(Items listed in a dataset)
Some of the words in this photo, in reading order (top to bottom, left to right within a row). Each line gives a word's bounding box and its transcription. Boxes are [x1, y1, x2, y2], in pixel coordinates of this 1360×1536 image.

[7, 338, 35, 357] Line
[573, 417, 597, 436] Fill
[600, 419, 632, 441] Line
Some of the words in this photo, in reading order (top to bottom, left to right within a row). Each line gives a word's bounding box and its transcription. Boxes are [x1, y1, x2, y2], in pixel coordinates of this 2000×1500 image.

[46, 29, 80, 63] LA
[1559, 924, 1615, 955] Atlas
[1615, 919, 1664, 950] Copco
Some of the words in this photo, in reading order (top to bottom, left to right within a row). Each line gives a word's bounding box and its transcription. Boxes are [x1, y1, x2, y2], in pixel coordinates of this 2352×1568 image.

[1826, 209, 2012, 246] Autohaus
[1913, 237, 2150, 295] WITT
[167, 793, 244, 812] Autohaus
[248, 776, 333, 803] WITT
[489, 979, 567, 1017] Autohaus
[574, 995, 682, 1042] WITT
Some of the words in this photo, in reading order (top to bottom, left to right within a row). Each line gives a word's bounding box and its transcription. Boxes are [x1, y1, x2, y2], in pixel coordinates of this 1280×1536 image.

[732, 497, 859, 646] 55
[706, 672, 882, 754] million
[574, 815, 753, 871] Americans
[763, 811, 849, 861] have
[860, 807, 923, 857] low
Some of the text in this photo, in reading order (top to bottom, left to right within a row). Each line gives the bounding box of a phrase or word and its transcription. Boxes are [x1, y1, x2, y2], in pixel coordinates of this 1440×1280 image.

## Assignment:
Reproduce the full set of entries above exactly, without dropping a line.

## Answer to the problem:
Some of the words in this photo, in reading order (top to bottom, left to right within a row). Each line gives a word's bounding box and its transcription. Boxes are [x1, y1, x2, y2], in pixel coordinates of this 1360×1536 image.

[7, 338, 35, 357] Line
[573, 417, 597, 436] Fill
[600, 419, 632, 441] Line
Some of the words in this photo, in reading order (top to bottom, left to right within a row). Each line gives a word's bounding box and its transcription. Boxes are [x1, y1, x2, y2], in pixel coordinates of this 2000×1500 image.

[46, 29, 80, 63] LA
[1559, 924, 1615, 955] Atlas
[1615, 919, 1664, 950] Copco
Some of the words in this photo, in reading order (top to bottom, left to right within a row). Each line gives a word's bounding box and its transcription. Boxes are [x1, y1, x2, y2], in pixel coordinates of this 2352×1568 image.

[1826, 209, 2012, 246] Autohaus
[1913, 237, 2150, 295] WITT
[167, 793, 244, 812] Autohaus
[248, 776, 333, 803] WITT
[489, 979, 567, 1017] Autohaus
[574, 995, 682, 1042] WITT
Some of the words in this photo, in reading order (top to bottom, left to right within a row). Each line gives a word's bounding box and its transcription. Boxes are [x1, y1, x2, y2], in pixel coordinates of this 1280×1536 image.

[732, 497, 859, 646] 55
[706, 672, 882, 754] million
[574, 815, 753, 871] Americans
[763, 811, 849, 861] have
[860, 807, 923, 857] low
Some of the text in this photo, in reading order (top to bottom, left to right within a row). Each line gives the bounding box of a phrase or word and its transcription. Boxes are [x1, y1, x2, y2], in pixel coordinates of this 1440×1280 image.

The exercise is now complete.